##### Input #####

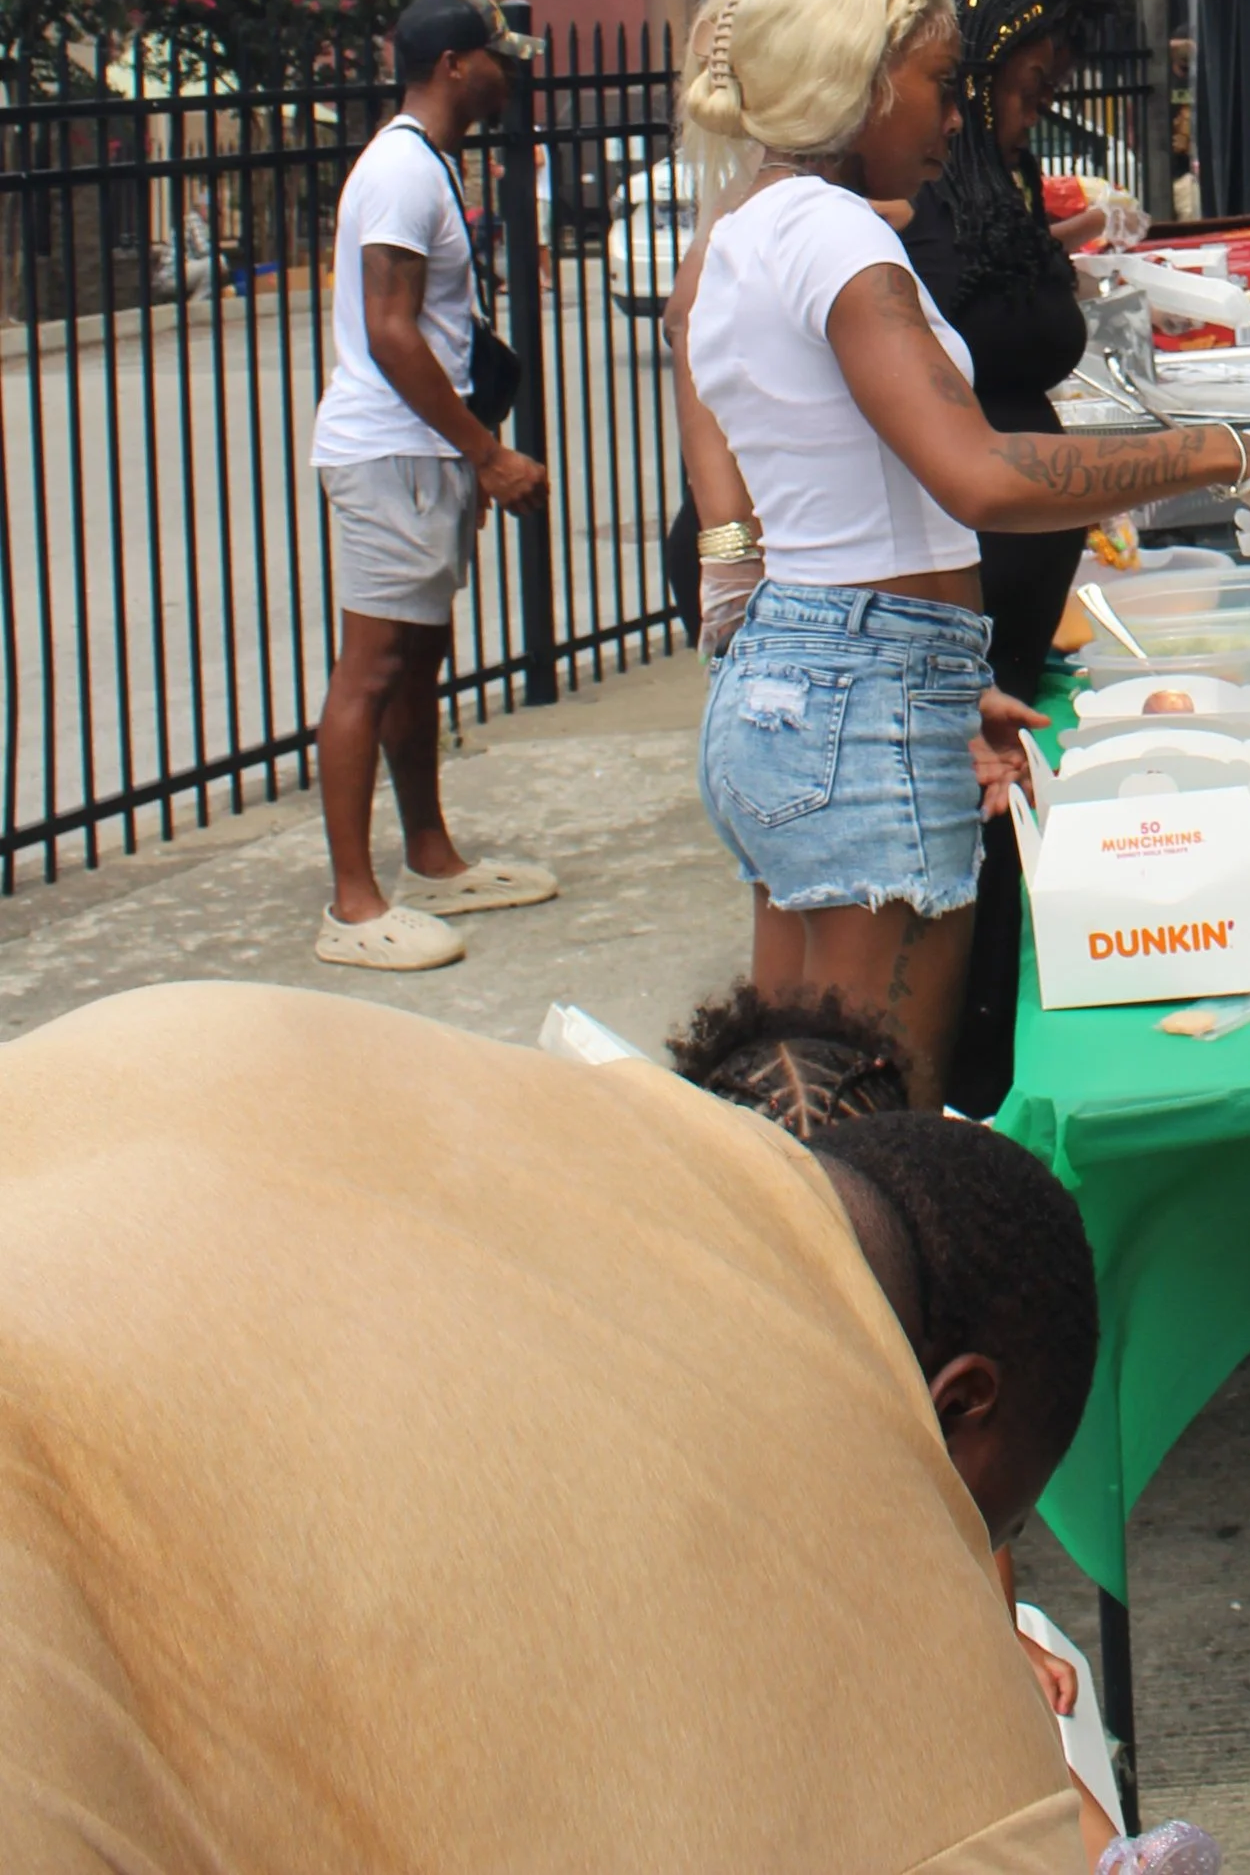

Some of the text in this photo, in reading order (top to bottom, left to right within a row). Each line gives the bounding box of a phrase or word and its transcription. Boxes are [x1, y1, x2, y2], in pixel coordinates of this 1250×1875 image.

[1140, 821, 1161, 834] 50
[1101, 830, 1203, 853] MUNCHKINS
[1088, 920, 1235, 960] DUNKIN'
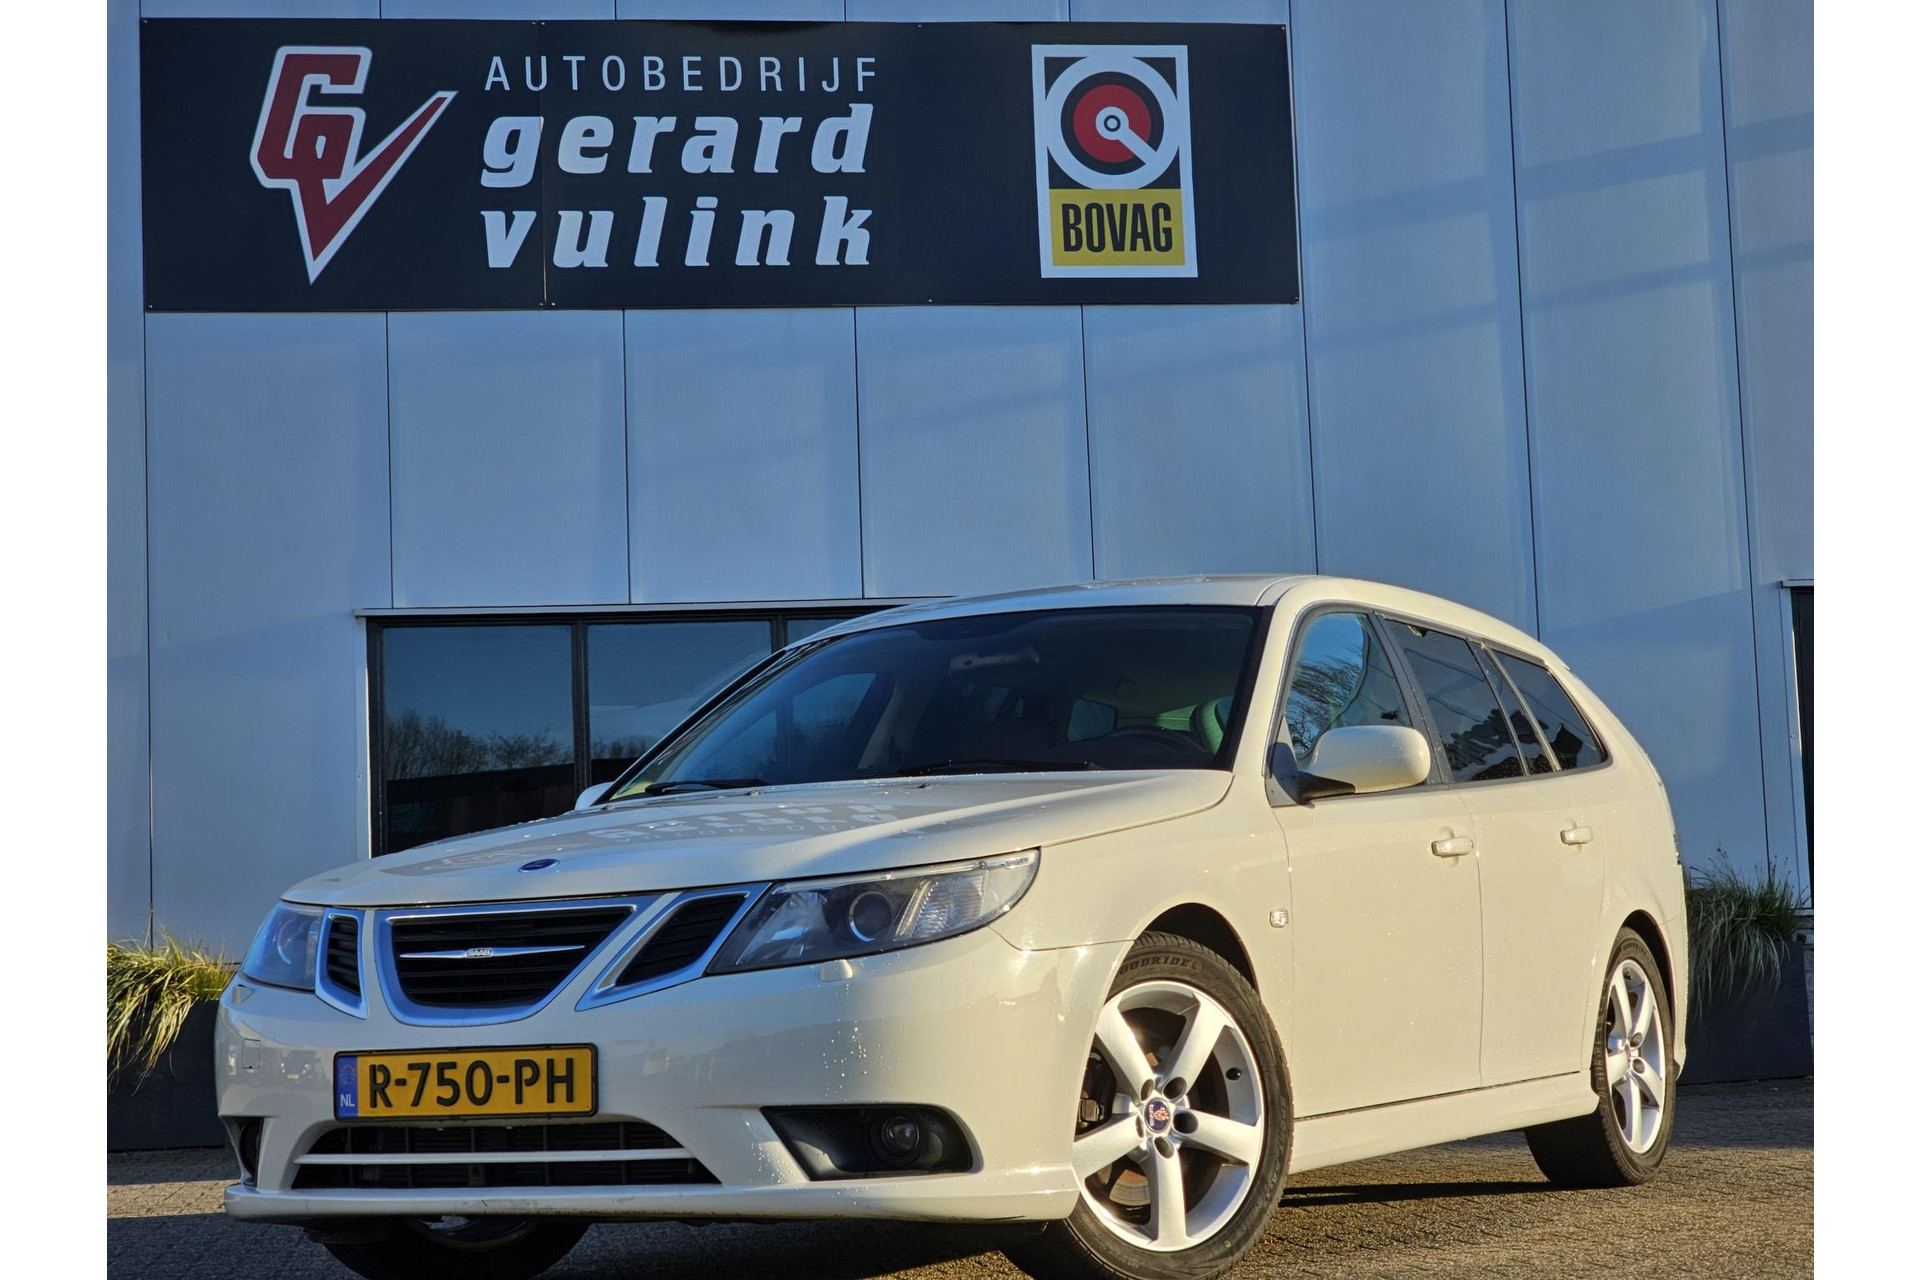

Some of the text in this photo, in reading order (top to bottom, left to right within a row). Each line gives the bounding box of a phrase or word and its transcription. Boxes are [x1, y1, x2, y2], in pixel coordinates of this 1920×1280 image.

#####

■ **Work task**: Repeat the data verbatim, excluding all pictures.

■ **Solution for this task**:
Some of the text in this photo, in reading order (top to bottom, left to right within a row). Each line gives the bounding box of a phrase or word and its transcription. Boxes are [x1, y1, x2, y2], in pixel coordinates of this 1250×1875 image.

[1140, 821, 1161, 834] 50
[1101, 830, 1203, 853] MUNCHKINS
[1088, 920, 1235, 960] DUNKIN'

Some of the text in this photo, in reading order (top to bottom, left to right within a row). Each line gives the bounding box of a phrase or word and its transcription. Boxes are [x1, y1, x2, y2], in pixel coordinates of this 1920×1280 image.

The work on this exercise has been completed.